Long-term care insurance is not activated unless some type of qualifying event is established, such as being incapable of performing without assistance two of the six recognized activities of daily living (ADLs), namely eating, bathing, dressing, toileting, transferring (walking), and continence. The average stay in an assisted living facility is 21 months. (Lifecare Funding, Feb. 2013) This length of time falls well within a three-year benefit window. Choosing to reduce your benefit window can help save on long-term care insurance costs as long as it meets your anticipated length you would require benefits.
Reducing the costs of life insurance
Retirees and near-retirees often have different financial obligations, and yet, many of them have excessive amounts of life insurance coverage. They may have purchased an appropriate amount of life insurance twenty or thirty years earlier when they owned a larger house and were still raising their children. However, many retirees and near-retirees downsize their home for a more manageable property and do not have the financial demands of providing for now-grown children.
Permanent life, variable life, and universal life insurance policy providers in the 1980s through early 2000s may have misjudged the assumed rates of return on the cash value in specific policies. Unfortunately, the rate of return on cash value policies may be failing to meet those projections.

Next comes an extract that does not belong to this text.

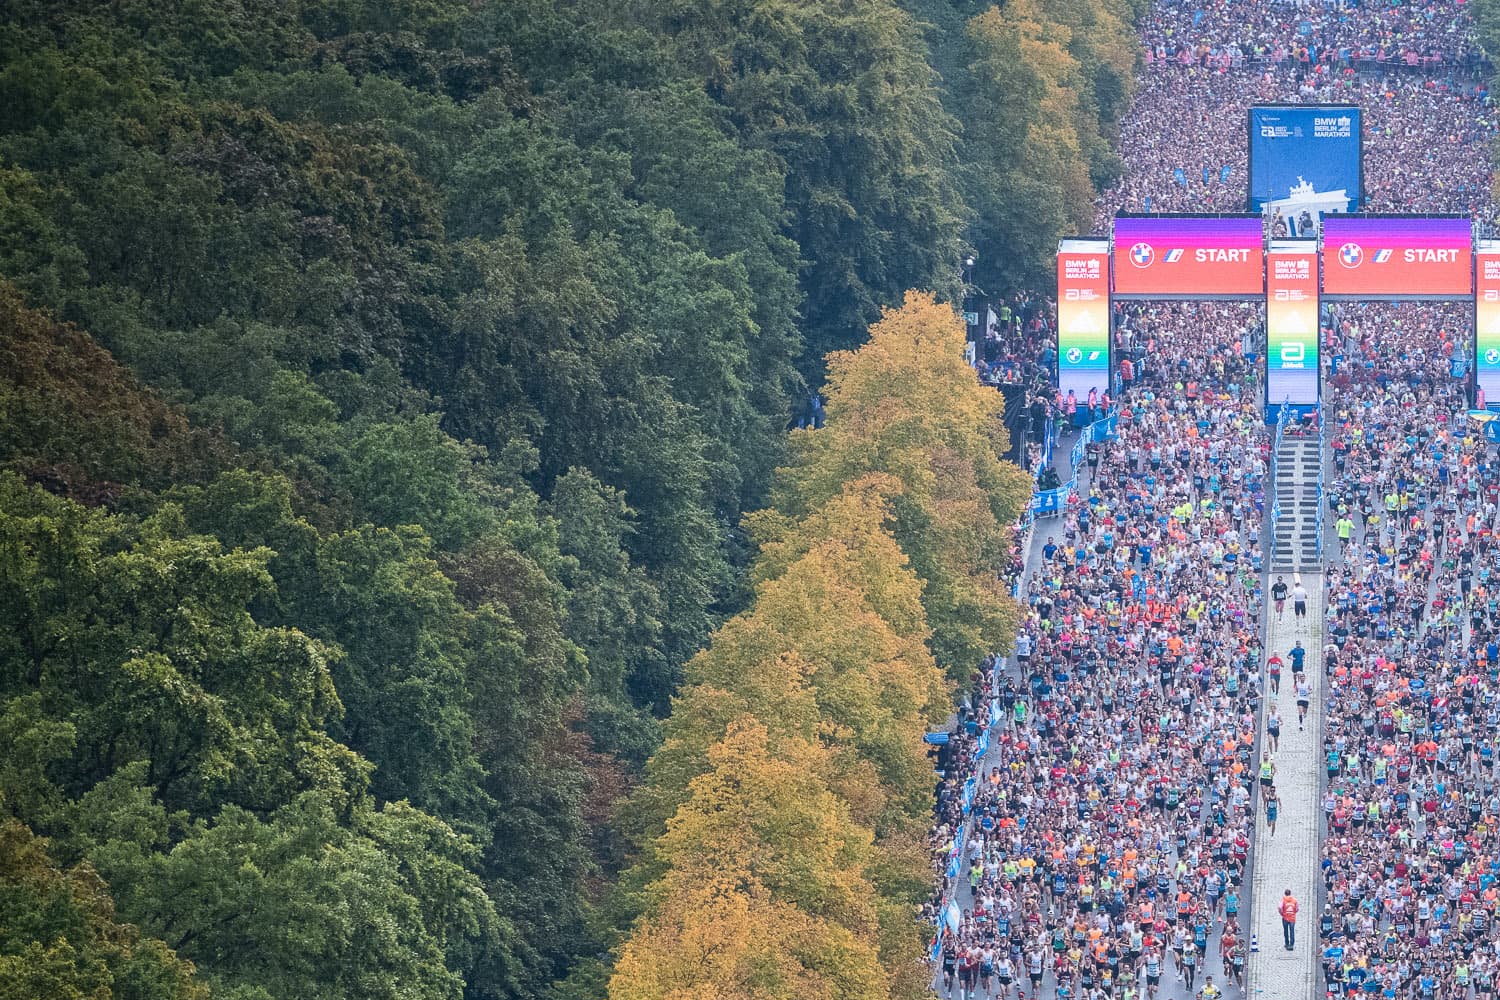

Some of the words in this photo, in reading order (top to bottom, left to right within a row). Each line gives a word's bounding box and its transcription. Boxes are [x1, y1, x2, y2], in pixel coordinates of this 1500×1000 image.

[1195, 248, 1251, 262] START
[1404, 248, 1459, 262] START
[1275, 260, 1296, 268] BMW

Decreasing the amount of life insurance death benefit is another solution to reducing costs. While you may have required $500,000 in life insurance payout in the event of your untimely death twenty years ago, you no longer require the same benefit amount. It’s unlikely that you have to provide financial support for any of your children and your household should be paid in full. It’s wise to consider the coverage benefits of all forms of life insurance that match your eligibility. Lowering the level of death benefit in your life insurance policy will help reduce the cost of premium payments.
Changing the amount of death benefit does raise a potential risk. If the cumulative premium payments of a life insurance policy exceed specific threshold limits, the life insurance policy may convert into a Modified Endowment Contract (MEC). Depending on the cash value relative to the death benefit of the policy, there may be tax implications to consider if you’re planning on withdrawing money in the future. The U.S. government regulates how much money can be used to fund a specific life insurance policy according to the Internal Revenue Service (Feb. 2007). Talk with a qualified insurance specialist before investing money into a cash value policy.
Some seniors may use the accrued cash value inside a premium life insurance policy to pay the premium of their existing policy. If it is too expensive to purchase a new policy, the cash value can be used to fulfill premium payments for a time. If you choose to use cash from inside the policy to make premium payments, it is expected that the cash value will be exhausted. At that point, the policy will either lapse or you will need to resume premium payments to maintain coverage.
If you are living with a fixed income and considering changes to your insurance coverage, your best and first step should be to contact a qualified insurance agent in the specific area of coverage in question.